* Problem details:
Transcribe the records in full, keeping every word exactly as given.

* Records shown:
● ● ● ●

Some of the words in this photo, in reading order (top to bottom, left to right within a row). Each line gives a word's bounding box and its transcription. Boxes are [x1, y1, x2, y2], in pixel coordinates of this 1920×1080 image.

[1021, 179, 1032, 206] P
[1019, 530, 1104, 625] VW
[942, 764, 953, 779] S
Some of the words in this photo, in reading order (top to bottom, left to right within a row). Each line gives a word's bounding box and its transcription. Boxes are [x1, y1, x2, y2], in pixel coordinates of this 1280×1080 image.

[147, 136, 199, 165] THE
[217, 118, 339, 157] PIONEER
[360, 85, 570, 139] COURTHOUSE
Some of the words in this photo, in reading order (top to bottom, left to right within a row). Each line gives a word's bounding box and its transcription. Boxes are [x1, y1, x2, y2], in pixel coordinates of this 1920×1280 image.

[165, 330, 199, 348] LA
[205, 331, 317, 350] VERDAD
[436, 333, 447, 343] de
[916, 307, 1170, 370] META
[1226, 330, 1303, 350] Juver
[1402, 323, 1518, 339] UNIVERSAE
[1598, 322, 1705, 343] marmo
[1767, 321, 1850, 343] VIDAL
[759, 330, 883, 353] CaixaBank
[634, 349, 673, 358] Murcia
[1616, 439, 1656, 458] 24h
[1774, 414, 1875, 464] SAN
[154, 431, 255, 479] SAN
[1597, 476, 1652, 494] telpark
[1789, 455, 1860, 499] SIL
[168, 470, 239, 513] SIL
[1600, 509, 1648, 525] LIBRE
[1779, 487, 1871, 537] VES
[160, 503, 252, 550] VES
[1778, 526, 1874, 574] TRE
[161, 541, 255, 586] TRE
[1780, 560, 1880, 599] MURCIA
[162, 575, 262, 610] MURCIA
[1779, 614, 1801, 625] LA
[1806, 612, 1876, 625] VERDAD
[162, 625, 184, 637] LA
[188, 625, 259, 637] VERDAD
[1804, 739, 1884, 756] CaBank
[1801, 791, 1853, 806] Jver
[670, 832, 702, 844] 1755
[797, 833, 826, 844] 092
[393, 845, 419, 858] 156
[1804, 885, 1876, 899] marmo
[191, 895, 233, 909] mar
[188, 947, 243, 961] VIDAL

● ● ● ●

* Output of the exercise:
Some of the words in this photo, in reading order (top to bottom, left to right within a row). Each line gives a word's bounding box and its transcription. Boxes are [x1, y1, x2, y2], in pixel coordinates of this 1920×1080 image.

[1021, 179, 1032, 206] P
[1019, 530, 1104, 625] VW
[942, 764, 953, 779] S
Some of the words in this photo, in reading order (top to bottom, left to right within a row). Each line gives a word's bounding box and its transcription. Boxes are [x1, y1, x2, y2], in pixel coordinates of this 1280×1080 image.

[147, 136, 199, 165] THE
[217, 118, 339, 157] PIONEER
[360, 85, 570, 139] COURTHOUSE
Some of the words in this photo, in reading order (top to bottom, left to right within a row). Each line gives a word's bounding box and its transcription. Boxes are [x1, y1, x2, y2], in pixel coordinates of this 1920×1280 image.

[165, 330, 199, 348] LA
[205, 331, 317, 350] VERDAD
[436, 333, 447, 343] de
[916, 307, 1170, 370] META
[1226, 330, 1303, 350] Juver
[1402, 323, 1518, 339] UNIVERSAE
[1598, 322, 1705, 343] marmo
[1767, 321, 1850, 343] VIDAL
[759, 330, 883, 353] CaixaBank
[634, 349, 673, 358] Murcia
[1616, 439, 1656, 458] 24h
[1774, 414, 1875, 464] SAN
[154, 431, 255, 479] SAN
[1597, 476, 1652, 494] telpark
[1789, 455, 1860, 499] SIL
[168, 470, 239, 513] SIL
[1600, 509, 1648, 525] LIBRE
[1779, 487, 1871, 537] VES
[160, 503, 252, 550] VES
[1778, 526, 1874, 574] TRE
[161, 541, 255, 586] TRE
[1780, 560, 1880, 599] MURCIA
[162, 575, 262, 610] MURCIA
[1779, 614, 1801, 625] LA
[1806, 612, 1876, 625] VERDAD
[162, 625, 184, 637] LA
[188, 625, 259, 637] VERDAD
[1804, 739, 1884, 756] CaBank
[1801, 791, 1853, 806] Jver
[670, 832, 702, 844] 1755
[797, 833, 826, 844] 092
[393, 845, 419, 858] 156
[1804, 885, 1876, 899] marmo
[191, 895, 233, 909] mar
[188, 947, 243, 961] VIDAL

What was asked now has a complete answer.